Texte publié dans le numéro 13 du Le Regardeur, revue éditée par l’Association des Amis du Musée d’Art contemporain et du Musée des Beaux-Arts de Nîmes.

      Particulièrement remarquée en 2015 à la 56ème Biennale de Venise, grâce à l’installation intitulée The Key in the hand, l’artiste japonaise Chiharu Shiota s’est désormais imposée sur la scène artistique internationale avec des œuvres à la fois d’une simplicité déconcertante, par le caractère minimaliste des matériaux utilisés, mais également spectaculaires, de par leur étroite imbrication avec le lieu où elles se déploient, offrant ainsi une expérience esthétique et émotionnelle marquant durablement le spectateur qui a eu la chance de les voir.

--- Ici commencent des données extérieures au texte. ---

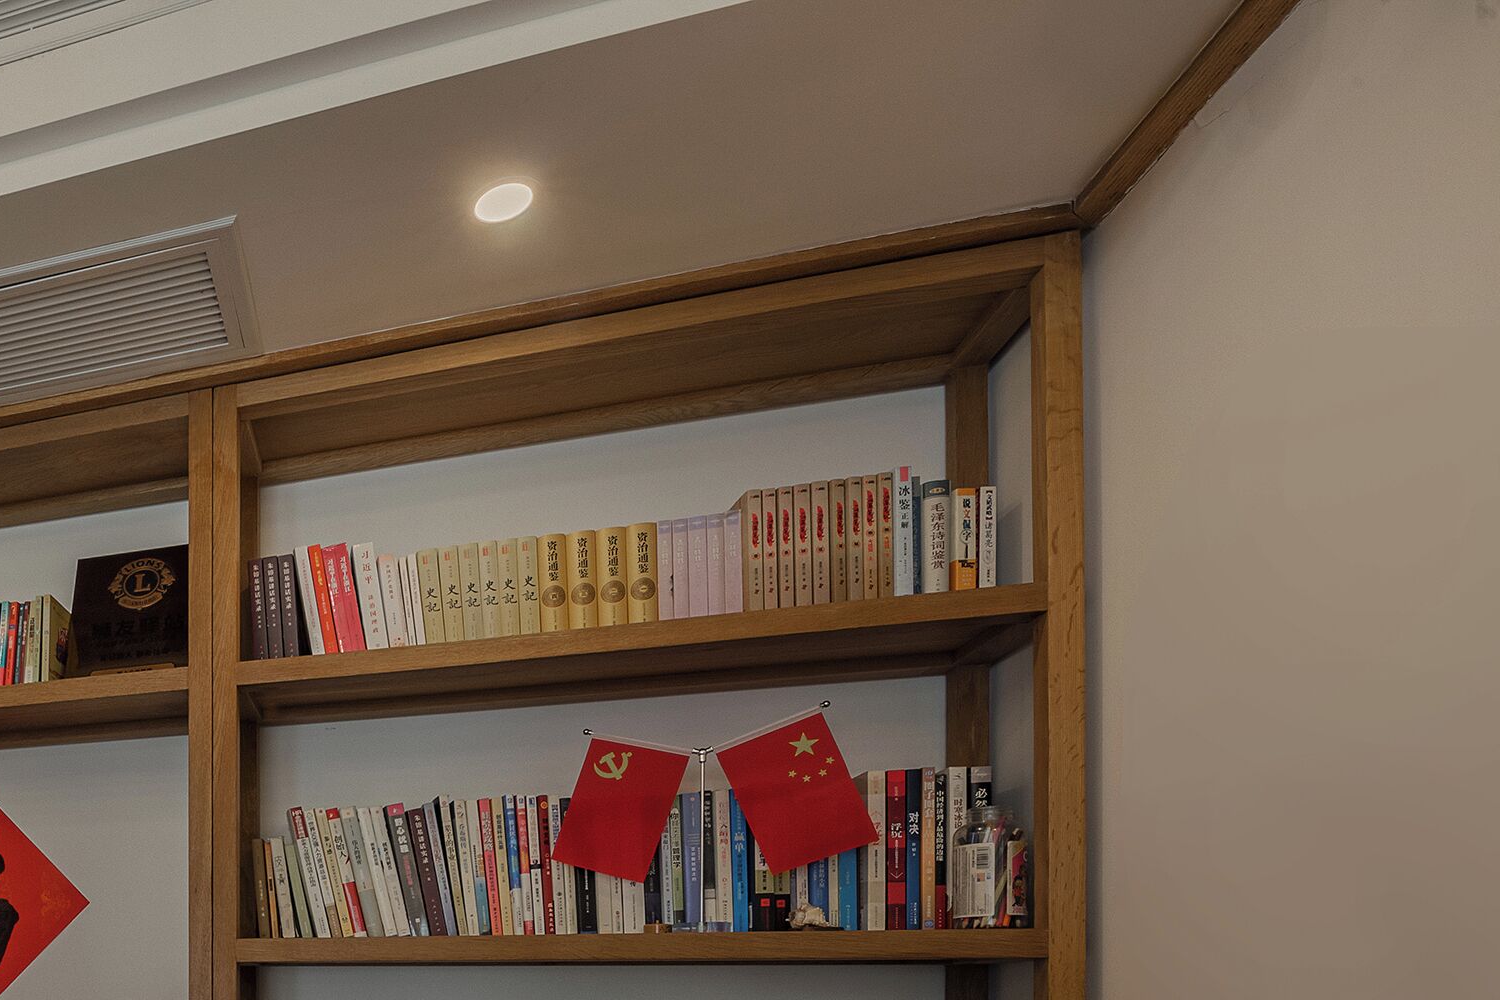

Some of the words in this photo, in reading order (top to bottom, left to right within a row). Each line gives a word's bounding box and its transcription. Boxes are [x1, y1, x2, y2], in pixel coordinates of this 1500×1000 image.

[607, 535, 619, 577] 资治通鉴
[637, 531, 649, 574] 资治通鉴
[931, 502, 945, 569] 毛泽东诗词鉴赏
[124, 560, 162, 572] LIONS
[362, 551, 373, 584] 习近平
[547, 540, 559, 582] 资治通鉴
[577, 537, 589, 579] 资治通鉴
[134, 573, 150, 593] L
[909, 812, 919, 835] 对决

      Chez Chiharu Shiota, l’installation se love au cœur du lieu d’exposition qui se tresse d’un réseau de fils de laine d’une couleur unique. D’un ou de plusieurs points de l’espace, le réseau se propage et les fils s’enchevêtrent, se croisent, se tendent, se nouent, se pendent en se laissant tomber au sol sous l’effet de la pesanteur. Multipliant lignes et angles inédits, une structure légère et dense définit alors de nouveaux volumes dans l’aire consacrée de l’exposition. Toutefois, les entrelacs des fils ne font pas que se déployer dans l’espace puisqu’ils accueillent fréquemment des objets en leur sein, qu’ils lient et attachent au lieu dans lequel l’installation se fixe. Objets du quotidien, le plus souvent d’une banalité sans fard, ils se donnent à notre regard dans l’éloignement que tisse la trame filaire dans la profondeur de l’espace : parapluies, chaussures, valises, chaises, livres, bateaux, lits, clés, etc. Tous convoqués dans l’immobilité de leur insignifiance afin que de ce rien jaillisse une nouvelle existence porteuse de sens.

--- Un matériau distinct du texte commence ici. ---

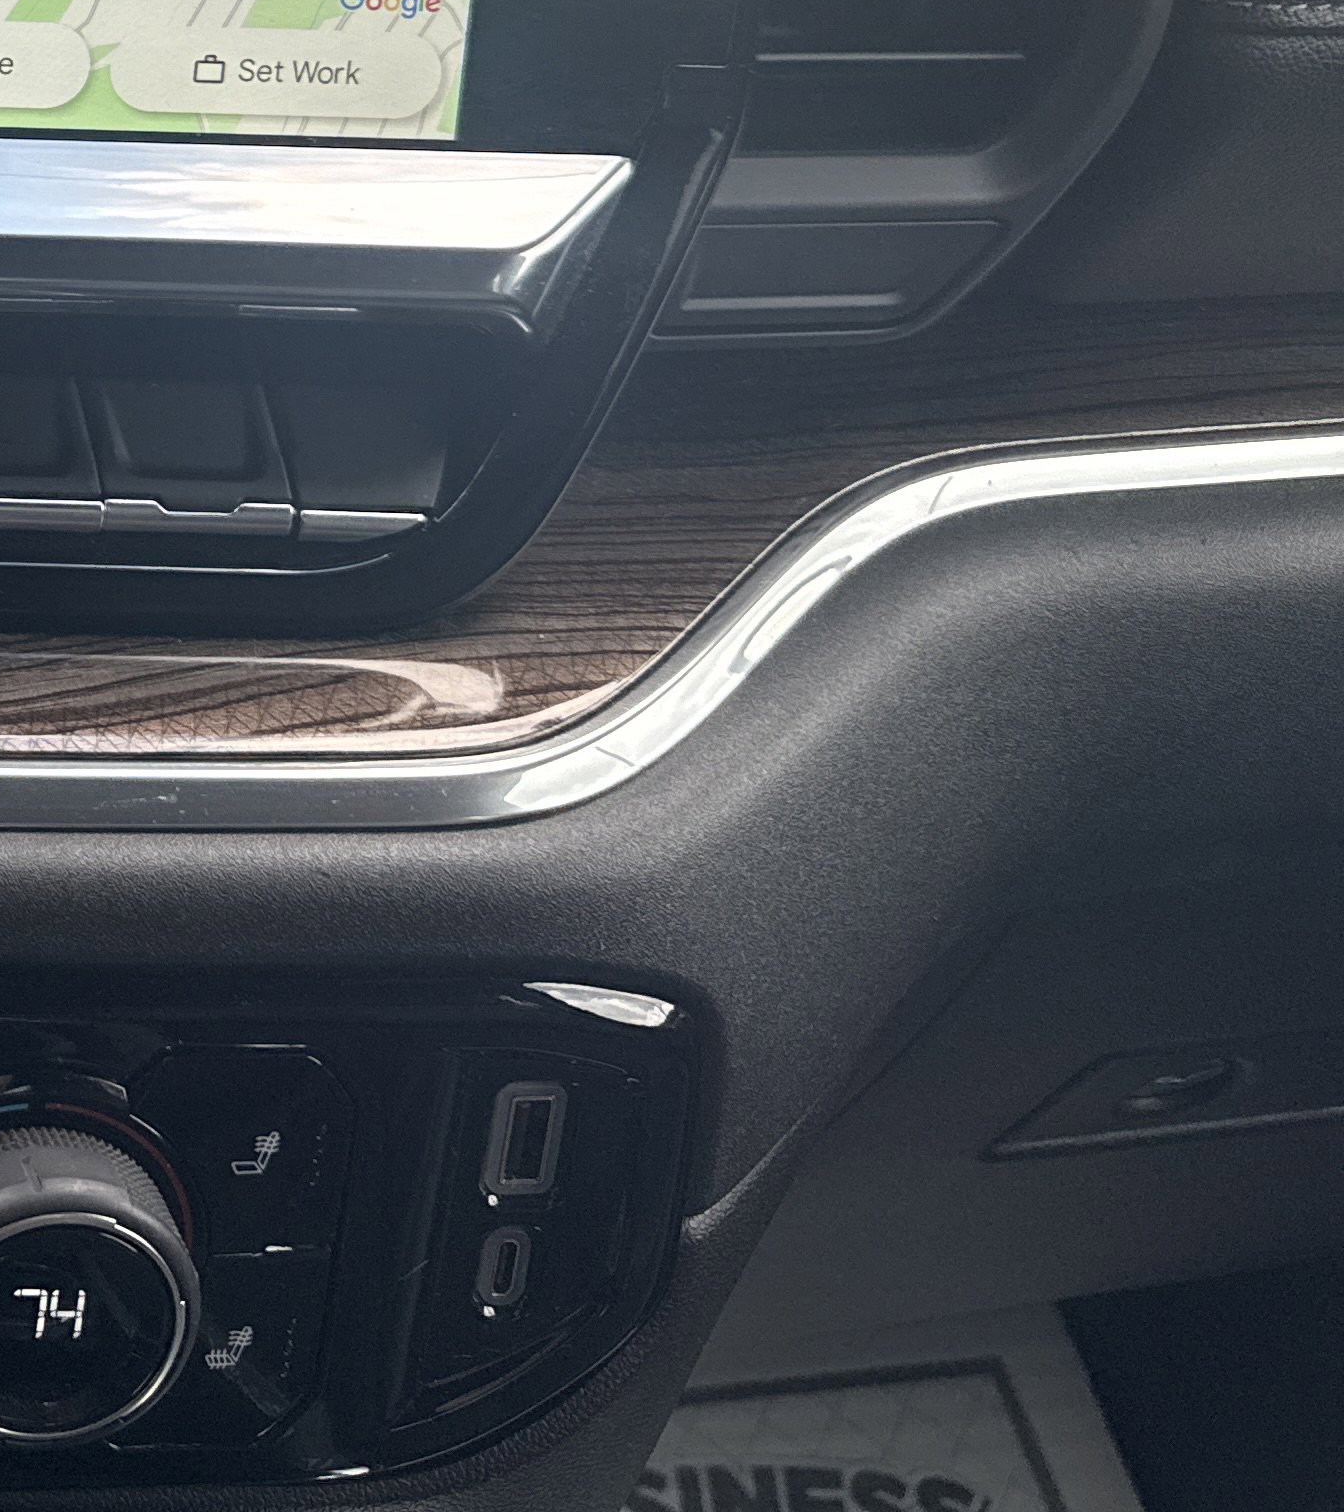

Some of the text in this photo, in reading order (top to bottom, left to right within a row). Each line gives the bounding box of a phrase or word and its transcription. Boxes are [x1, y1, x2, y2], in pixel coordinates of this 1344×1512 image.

[238, 58, 361, 85] Set Work
[13, 1288, 86, 1339] 74

      L’usage d’une seule couleur de fil pour chaque installation procure à l’œuvre une forte unité tout en soulignant physiquement le volume de l’œuvre. Blancs, noirs ou rouges, les entrelacs des fils densifient ou aèrent le milieu qu’ils occupent selon la texture de la trame voulue par l’artiste. Par son caractère monochrome, l’œuvre impose aussi au spectateur une atmosphère particulière qu’il vient interpréter au regard de sa sensibilité. Pour l’artiste, la couleur choisie a une signification précise mais ne restreint pas l’œuvre à une étroite symbolique. Ainsi Le blanc évoque la nature, la pureté, le renouveau ; le noir renvoie au ciel nocturne, à l’immensité de l’univers ; le rouge représente le flux sanguin, l’intérieur de soi, la mémoire.

 

Chiharu Shiota, Destination, installation, Galerie Templon, 2017.
Photo : Christophe Longbois-Canil

      En raison de l’aspect que prend le plus souvent cet enchevêtrement de fils, nombreux sont les critiques et les journalistes à y associer l’image d’une toile d’araignée. Ce réseau arachnéen de fils tendus se charge alors d’une symbolique cristallisant la duplicité que le spectateur entretient dès lors avec l’œuvre. Entre une sourde menace et une intrigante sensualité, entre rêve et cauchemar, entre peurs et désirs, les objets deviennent alors les prisonniers, les captifs d’une toile ou se trouvent emmaillotés dans un cocon protecteur. Désormais, ils sont perçus comme inaccessibles, puisque la nasse dans laquelle ils sont pris, englués, s’interpose entre eux et le spectateur. L’œuvre est alors associée à une vague angoisse, à une inquiétude latente, à une étrange mélancolie ou à une singulière rêverie à laquelle s’abandonne le visiteur de l’exposition.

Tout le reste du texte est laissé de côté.